A spectre is haunting the world: that of weapons of mass destruction (WMD). This is the collective name for nuclear, chemical, and biological weapons. The United States and Britain said they attacked Iraq to prevent Saddam Hussein from using or developing them. Even more terrifying is the thought that they may be acquired by terrorist groups, who could use them to blackmail powerful countries or destroy large parts of the world. This is the nightmare scenario against which the US doctrine of preventive war is largely aimed.
The threat of WMD is real enough, but it comes not from ‘rogue’ or ‘failed’ states, but from the United States and Russia –the countries which possess almost all the stocks of WMD. If these stocks were eliminated, the ‘spectre’ would also largely vanish.
Consider the classic science fiction fantasy of a nuclear bomb in the hands of a terrorist group. It would be quite easy for a terrorist group to build a primitive nuclear bomb –one powerful enough to destroy much of New York or Moscow – in a workshop or garage, provided it could obtain from external sources a sufficient amount (100 kilograms) of highly-enriched uranium (HEU). The reason is that enriching uranium for nuclear weapons is a difficult and expensive technological feat which only few states have mastered. For example, Saddam Hussein’s Iraq spent billions of dollars trying to develop HEU, but failed. Clearly, an effective strategy for eliminating the risk of nuclear terrorism is to eliminate the raw material-HEU –needed by terrorists to manufacture nuclear bombs.

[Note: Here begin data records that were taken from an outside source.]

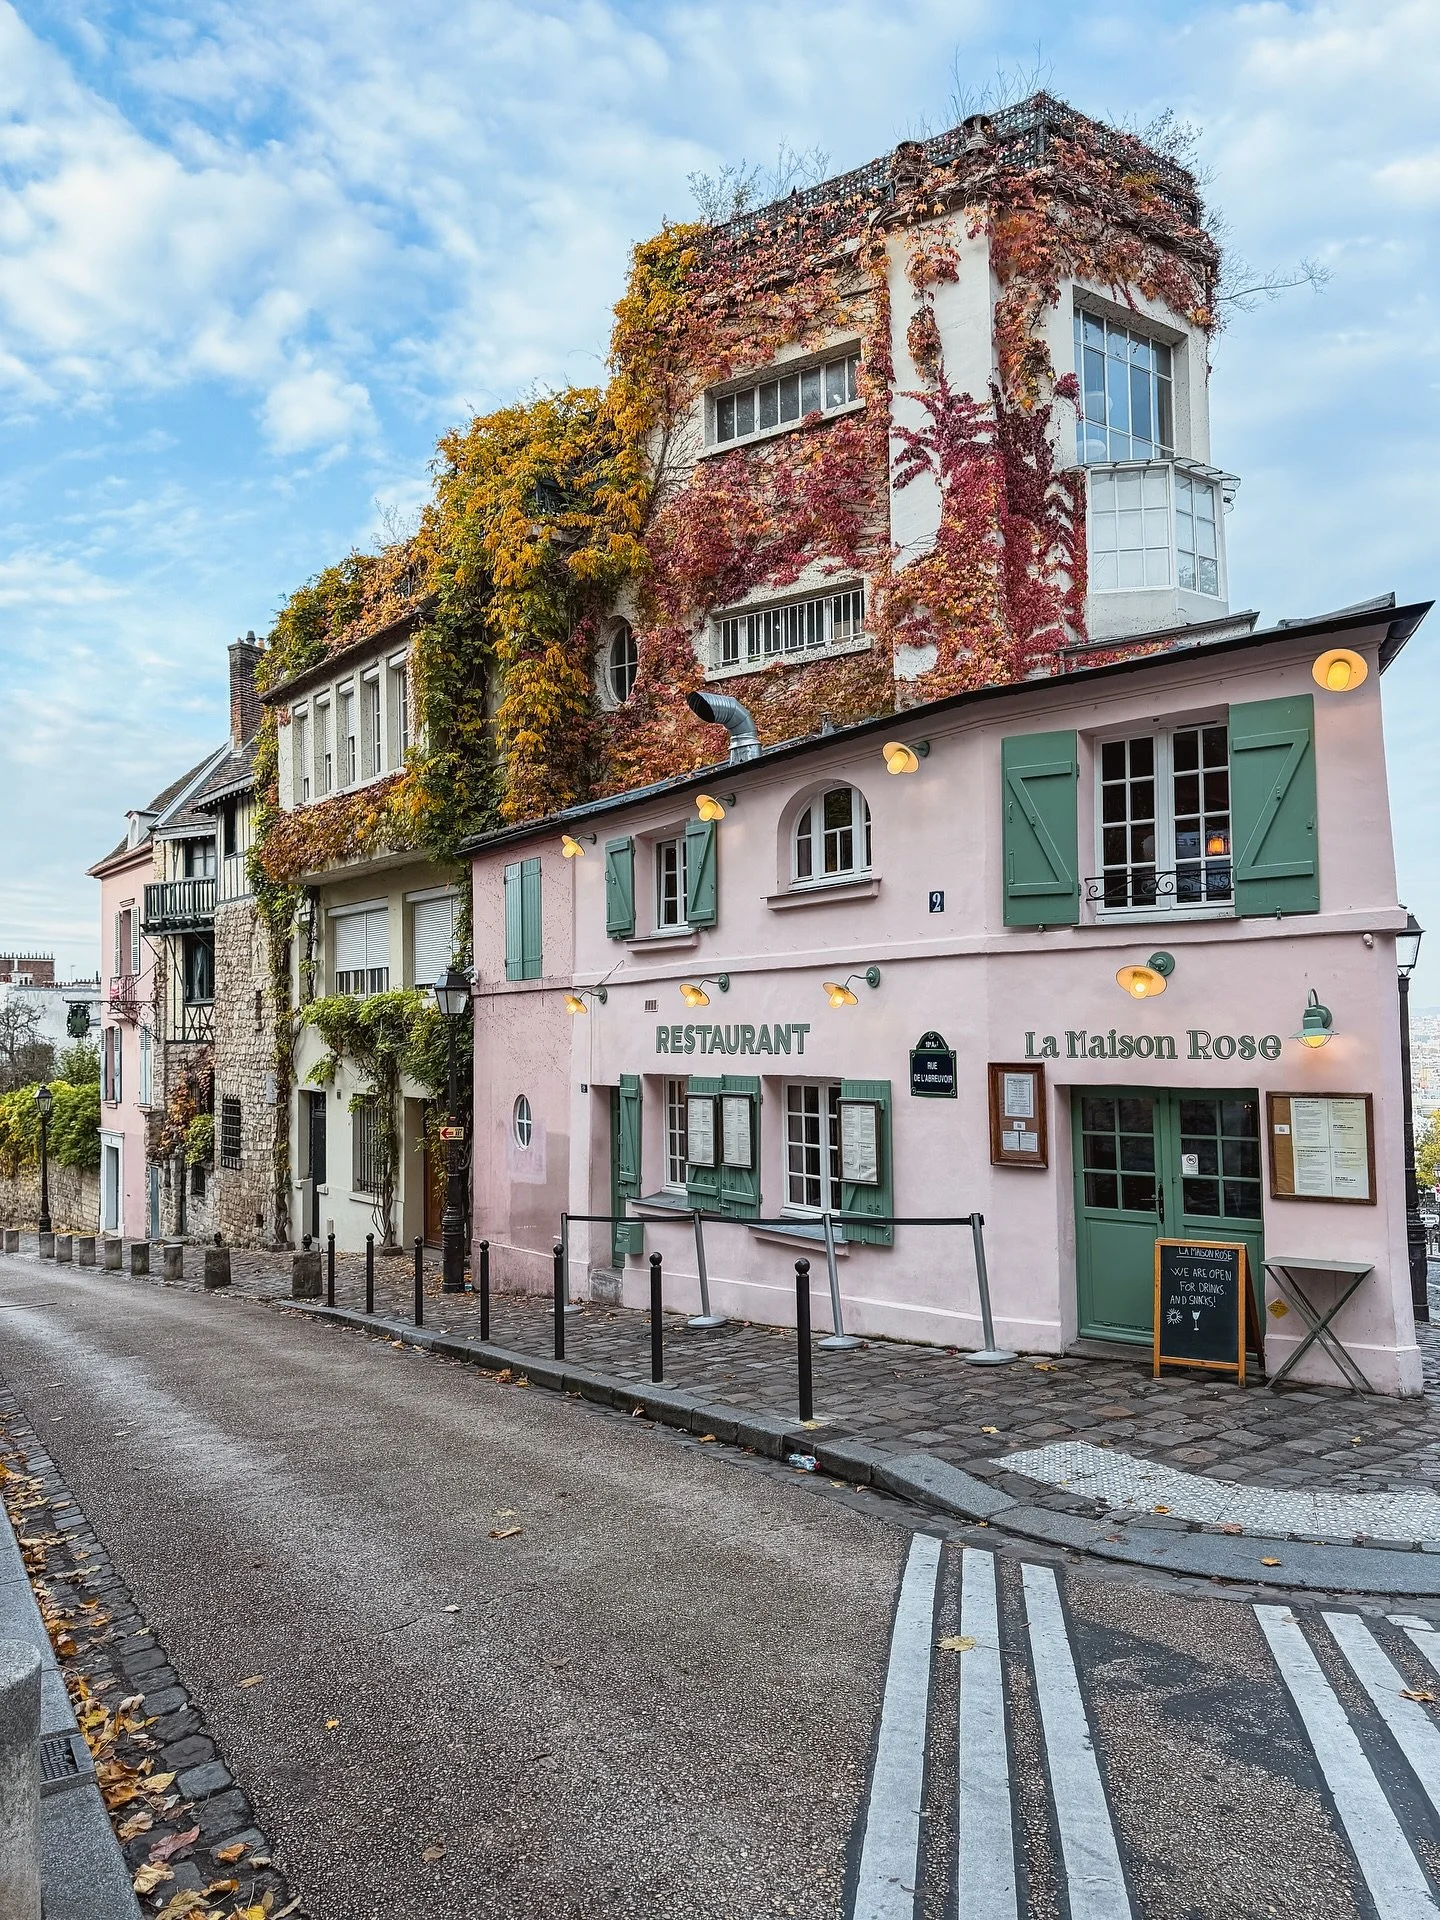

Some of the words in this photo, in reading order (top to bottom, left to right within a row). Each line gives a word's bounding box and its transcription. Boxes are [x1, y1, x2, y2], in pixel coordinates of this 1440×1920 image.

[932, 892, 941, 912] 2
[656, 1023, 811, 1055] RESTAURANT
[1024, 1031, 1060, 1059] La
[1065, 1029, 1178, 1059] Maison
[1186, 1029, 1282, 1060] Rose
[927, 1061, 938, 1070] RUE
[914, 1074, 920, 1082] DE
[921, 1074, 952, 1083] L'ABREUVOIR
[1190, 1248, 1214, 1257] MAISON
[1214, 1250, 1232, 1260] ROSE
[1170, 1268, 1190, 1276] WE
[1192, 1268, 1208, 1278] ARE
[1208, 1268, 1232, 1281] OPEN
[1180, 1281, 1196, 1292] FOR
[1170, 1295, 1187, 1304] AND
[1189, 1295, 1216, 1308] SNACKS!

Ninety-seven per cent of the stocks of HEU (up to 2000 metric tons) are held by two countries, the United States and Russia. The main danger has been that rogue states or terrorist groups will be able to buy on the black market quantities of HEU stolen from badly-guarded Russian nuclear facilities. In 1993 the USA and Russia signed an agreement to de-enrich half of Russia’s stock of HEU (about 500 metric tons). However, what should have been a high-priority security matter was turned into a commercial operation. The US would pay for the de-enrichment program, but would recoup the cost by selling the now low enriched uranium (LEU) to electrical utilities as fuel for nuclear reactors. In order to avoid depressing the market price of LEU, the program was stretched out for 20 years. Moreover, the implementation was assigned to a private company, the US Enrichment Corporation, which was bound to be more interested in profits than in security.
After 10 years only 150 of the 500 tons have been transferred to the United States. Now there is a new program, agreed in June 2002, by which the United States and other G7 countries pledge themselves to commit $20bn to support projects, initially in Russia, for disposing of fissile material, dismantling decommissioned nuclear submarines, and providing employment for former weapons’ scientists. But this is to be spread over 10 years, and the US Congress has still not paid the money. Meanwhile, President Bush has obtained an extra $84bn from Congress for occupying and re-building Iraq, in which no WMD have been found.
This little history* makes one despair of the sanity and honesty of world leaders. It is perfectly idiotic as well as immoral to spend hundreds of billions of dollars fighting the threat of terrorism, while refusing to destroy, for commercial reasons, the materials for the weapons which make terrorists such a deadly threat. We fight the scourge of terrorism with political weapons worthy of the primitive witch doctor.
Let me be clear. There will always be terrorism as long as there are political aspirations being brutally repressed –as in Chechnya or Palestine. But there is no reason why it should be the global threat it is today. For a small fraction of the money we now vainly devote to ‘destroying’ terrorism, we can reduce its threat to modest, local proportions – by internal defence, international intelligence and surveillance, and, above all, by the destruction of the old Cold War stock piles which terrorists need to bring about mass destruction.